Exercise brief
Could the lines from the one containing "this 1280×1707 image." through the end of the material below be returned exactly, with nothing else?

Data provided
_ _ _ _ _
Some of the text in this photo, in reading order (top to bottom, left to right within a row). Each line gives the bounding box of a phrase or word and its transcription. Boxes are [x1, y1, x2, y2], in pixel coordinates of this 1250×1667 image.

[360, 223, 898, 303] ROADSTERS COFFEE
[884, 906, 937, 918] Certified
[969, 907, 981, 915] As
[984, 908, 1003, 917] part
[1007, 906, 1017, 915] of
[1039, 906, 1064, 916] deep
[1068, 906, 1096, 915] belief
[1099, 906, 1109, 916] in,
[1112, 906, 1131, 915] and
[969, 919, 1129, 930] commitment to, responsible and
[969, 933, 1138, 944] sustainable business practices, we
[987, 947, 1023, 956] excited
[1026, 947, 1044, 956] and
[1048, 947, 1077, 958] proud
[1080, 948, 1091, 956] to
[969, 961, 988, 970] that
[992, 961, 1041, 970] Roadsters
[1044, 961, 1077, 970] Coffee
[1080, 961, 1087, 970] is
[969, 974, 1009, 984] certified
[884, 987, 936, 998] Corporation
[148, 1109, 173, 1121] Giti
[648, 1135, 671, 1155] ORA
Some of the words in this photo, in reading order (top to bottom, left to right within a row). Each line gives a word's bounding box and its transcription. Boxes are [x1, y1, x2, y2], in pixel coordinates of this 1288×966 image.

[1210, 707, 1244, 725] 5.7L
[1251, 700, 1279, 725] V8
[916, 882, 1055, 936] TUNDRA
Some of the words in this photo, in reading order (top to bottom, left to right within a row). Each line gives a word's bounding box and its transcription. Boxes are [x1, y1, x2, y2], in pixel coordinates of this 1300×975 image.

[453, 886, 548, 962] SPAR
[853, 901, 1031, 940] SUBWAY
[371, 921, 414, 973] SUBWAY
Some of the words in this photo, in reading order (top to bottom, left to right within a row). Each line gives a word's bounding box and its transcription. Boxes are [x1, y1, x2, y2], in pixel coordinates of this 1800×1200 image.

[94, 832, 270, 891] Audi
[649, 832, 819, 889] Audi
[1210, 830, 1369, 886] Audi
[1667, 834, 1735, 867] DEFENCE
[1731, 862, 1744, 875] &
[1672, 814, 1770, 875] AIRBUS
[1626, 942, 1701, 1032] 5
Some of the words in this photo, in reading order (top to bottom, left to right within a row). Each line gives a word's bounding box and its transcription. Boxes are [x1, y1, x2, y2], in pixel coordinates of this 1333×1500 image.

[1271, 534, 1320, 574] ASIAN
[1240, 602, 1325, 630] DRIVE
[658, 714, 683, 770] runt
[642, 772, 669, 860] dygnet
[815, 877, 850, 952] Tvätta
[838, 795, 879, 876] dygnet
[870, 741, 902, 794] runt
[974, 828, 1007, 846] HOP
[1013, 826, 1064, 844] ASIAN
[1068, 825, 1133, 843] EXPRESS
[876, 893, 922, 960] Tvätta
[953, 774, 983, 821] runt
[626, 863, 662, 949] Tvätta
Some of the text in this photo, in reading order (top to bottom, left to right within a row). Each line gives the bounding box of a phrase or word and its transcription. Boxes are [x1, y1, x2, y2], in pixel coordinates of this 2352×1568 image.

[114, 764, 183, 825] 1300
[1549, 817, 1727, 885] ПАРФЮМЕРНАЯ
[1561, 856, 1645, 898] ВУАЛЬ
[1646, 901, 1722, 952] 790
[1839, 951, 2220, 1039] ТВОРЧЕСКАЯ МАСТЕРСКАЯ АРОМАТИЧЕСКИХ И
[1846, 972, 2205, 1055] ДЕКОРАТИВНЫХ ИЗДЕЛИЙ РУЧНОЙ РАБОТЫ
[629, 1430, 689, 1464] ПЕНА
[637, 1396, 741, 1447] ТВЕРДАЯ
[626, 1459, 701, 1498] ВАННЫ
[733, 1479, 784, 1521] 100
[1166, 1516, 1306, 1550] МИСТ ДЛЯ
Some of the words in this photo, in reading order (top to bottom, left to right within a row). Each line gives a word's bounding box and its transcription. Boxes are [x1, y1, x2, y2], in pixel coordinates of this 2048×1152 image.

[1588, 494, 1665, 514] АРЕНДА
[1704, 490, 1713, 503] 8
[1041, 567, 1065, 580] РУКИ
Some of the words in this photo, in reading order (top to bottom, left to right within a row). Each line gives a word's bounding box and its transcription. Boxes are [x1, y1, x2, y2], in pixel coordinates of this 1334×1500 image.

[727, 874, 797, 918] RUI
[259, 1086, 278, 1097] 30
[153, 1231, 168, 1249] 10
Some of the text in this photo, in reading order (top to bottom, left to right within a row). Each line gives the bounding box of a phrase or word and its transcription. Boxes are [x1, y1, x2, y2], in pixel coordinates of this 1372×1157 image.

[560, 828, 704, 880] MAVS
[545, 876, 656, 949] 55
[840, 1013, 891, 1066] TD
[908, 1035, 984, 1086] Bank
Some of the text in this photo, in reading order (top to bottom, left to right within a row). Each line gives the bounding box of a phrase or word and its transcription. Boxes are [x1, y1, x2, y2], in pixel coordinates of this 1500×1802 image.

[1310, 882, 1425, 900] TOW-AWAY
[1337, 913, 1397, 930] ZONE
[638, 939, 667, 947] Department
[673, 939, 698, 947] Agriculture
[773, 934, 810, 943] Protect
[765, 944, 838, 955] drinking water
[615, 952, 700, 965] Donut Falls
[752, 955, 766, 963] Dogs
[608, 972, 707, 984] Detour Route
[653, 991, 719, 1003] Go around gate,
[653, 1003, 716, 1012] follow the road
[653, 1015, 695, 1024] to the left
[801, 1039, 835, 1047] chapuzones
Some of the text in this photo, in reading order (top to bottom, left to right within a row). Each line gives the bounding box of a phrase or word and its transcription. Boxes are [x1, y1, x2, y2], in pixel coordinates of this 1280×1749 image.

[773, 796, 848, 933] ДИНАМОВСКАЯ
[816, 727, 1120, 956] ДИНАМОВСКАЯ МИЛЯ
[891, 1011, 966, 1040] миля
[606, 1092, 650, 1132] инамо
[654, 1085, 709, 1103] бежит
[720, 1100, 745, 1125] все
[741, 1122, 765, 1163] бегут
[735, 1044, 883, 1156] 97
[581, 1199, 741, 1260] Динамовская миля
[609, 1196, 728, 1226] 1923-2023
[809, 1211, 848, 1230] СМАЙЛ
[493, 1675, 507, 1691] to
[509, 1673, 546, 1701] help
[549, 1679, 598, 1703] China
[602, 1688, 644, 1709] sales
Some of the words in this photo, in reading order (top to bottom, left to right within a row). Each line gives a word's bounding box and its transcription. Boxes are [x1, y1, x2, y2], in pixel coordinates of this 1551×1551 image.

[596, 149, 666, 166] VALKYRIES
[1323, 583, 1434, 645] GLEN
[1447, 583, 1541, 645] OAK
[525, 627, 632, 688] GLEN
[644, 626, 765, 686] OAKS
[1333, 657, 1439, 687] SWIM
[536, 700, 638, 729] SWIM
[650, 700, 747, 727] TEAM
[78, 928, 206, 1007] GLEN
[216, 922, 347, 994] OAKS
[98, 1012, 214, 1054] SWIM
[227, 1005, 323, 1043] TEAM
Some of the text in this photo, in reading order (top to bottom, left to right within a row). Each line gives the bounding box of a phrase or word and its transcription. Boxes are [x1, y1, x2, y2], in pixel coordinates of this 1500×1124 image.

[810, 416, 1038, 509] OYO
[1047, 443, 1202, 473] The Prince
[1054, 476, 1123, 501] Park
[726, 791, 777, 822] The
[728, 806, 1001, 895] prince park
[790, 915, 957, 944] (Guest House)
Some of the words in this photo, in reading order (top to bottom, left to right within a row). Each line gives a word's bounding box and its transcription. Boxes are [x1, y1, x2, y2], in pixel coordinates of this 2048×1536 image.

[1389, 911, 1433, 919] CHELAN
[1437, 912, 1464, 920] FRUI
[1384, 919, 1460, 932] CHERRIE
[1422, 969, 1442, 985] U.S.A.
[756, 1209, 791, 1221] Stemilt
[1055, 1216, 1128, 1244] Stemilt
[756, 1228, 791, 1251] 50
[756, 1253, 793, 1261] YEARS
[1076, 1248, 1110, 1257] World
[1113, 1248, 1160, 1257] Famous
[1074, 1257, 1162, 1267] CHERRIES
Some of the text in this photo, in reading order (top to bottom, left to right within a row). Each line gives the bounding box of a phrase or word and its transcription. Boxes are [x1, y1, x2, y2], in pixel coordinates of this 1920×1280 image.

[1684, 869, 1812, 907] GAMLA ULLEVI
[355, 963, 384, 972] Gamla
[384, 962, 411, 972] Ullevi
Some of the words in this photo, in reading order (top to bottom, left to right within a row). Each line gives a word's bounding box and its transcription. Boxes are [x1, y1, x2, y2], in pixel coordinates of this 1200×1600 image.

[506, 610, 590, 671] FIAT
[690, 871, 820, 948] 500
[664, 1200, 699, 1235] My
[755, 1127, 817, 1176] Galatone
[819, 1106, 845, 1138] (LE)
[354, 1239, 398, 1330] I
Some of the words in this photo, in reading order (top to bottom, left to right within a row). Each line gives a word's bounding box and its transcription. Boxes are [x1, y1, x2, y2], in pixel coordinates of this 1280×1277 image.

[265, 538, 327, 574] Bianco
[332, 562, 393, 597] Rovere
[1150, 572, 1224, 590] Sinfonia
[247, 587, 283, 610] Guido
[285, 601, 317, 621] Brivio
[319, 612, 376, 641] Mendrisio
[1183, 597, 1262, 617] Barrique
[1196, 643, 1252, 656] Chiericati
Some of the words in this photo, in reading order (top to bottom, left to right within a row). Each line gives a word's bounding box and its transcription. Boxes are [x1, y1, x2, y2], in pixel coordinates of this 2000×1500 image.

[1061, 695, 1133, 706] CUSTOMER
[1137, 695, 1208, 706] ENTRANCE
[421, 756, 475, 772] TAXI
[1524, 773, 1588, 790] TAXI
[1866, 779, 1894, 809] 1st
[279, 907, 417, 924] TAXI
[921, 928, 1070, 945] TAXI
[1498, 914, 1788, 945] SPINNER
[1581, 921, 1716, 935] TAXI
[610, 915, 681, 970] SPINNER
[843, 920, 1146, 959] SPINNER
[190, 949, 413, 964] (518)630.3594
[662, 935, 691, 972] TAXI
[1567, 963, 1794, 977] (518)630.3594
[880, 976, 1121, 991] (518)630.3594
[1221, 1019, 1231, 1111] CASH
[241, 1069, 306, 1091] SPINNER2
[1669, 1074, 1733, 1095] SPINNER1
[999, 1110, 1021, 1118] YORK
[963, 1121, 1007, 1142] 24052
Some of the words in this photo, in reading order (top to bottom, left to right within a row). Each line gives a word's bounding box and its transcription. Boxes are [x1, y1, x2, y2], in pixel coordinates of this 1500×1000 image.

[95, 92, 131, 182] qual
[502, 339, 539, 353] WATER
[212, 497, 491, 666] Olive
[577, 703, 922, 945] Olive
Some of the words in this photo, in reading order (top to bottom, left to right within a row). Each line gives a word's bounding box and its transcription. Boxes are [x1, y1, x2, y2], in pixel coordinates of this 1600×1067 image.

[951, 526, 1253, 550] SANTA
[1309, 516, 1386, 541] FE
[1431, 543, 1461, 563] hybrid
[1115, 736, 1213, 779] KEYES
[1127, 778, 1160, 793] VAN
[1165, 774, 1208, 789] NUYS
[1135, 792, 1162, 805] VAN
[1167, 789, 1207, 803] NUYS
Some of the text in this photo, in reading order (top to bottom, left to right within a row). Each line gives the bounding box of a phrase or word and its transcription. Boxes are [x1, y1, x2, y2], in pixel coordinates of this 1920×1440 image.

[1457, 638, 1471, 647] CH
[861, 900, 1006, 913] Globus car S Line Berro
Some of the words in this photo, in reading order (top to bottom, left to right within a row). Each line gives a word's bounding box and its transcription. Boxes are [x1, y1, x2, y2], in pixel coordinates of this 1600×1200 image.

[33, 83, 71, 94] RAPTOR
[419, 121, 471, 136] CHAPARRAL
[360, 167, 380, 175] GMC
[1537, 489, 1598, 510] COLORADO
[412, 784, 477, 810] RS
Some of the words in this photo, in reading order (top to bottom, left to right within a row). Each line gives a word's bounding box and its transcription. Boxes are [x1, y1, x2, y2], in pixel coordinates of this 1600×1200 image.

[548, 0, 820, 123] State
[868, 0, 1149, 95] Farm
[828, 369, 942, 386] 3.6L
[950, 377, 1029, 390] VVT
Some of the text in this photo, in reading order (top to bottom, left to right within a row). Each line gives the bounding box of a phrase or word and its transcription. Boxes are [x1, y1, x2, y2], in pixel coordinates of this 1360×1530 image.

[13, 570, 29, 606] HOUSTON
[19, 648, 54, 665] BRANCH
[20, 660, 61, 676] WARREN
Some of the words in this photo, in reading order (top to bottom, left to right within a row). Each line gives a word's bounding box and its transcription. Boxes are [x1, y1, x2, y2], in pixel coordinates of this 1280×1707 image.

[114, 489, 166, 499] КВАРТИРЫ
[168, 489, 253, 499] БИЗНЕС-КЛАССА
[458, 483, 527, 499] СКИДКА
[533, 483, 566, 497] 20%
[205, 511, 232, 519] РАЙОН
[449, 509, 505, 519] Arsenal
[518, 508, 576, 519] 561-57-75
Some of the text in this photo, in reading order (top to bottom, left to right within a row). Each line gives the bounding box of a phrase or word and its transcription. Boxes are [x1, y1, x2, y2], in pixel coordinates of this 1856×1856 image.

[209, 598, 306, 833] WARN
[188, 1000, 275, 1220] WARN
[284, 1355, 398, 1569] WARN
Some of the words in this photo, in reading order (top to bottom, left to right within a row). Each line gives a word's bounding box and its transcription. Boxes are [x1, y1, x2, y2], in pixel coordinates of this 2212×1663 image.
_ _ _ _ _
Exercise output
Some of the words in this photo, in reading order (top to bottom, left to right within a row). Each line gives a word's bounding box and its transcription. Boxes are [x1, y1, x2, y2], in pixel coordinates of this 1280×1707 image.

[114, 489, 166, 499] КВАРТИРЫ
[168, 489, 253, 499] БИЗНЕС-КЛАССА
[458, 483, 527, 499] СКИДКА
[533, 483, 566, 497] 20%
[205, 511, 232, 519] РАЙОН
[449, 509, 505, 519] Arsenal
[518, 508, 576, 519] 561-57-75
Some of the text in this photo, in reading order (top to bottom, left to right within a row). Each line gives the bounding box of a phrase or word and its transcription. Boxes are [x1, y1, x2, y2], in pixel coordinates of this 1856×1856 image.

[209, 598, 306, 833] WARN
[188, 1000, 275, 1220] WARN
[284, 1355, 398, 1569] WARN
Some of the words in this photo, in reading order (top to bottom, left to right within a row). Each line gives a word's bounding box and its transcription. Boxes are [x1, y1, x2, y2], in pixel coordinates of this 2212×1663 image.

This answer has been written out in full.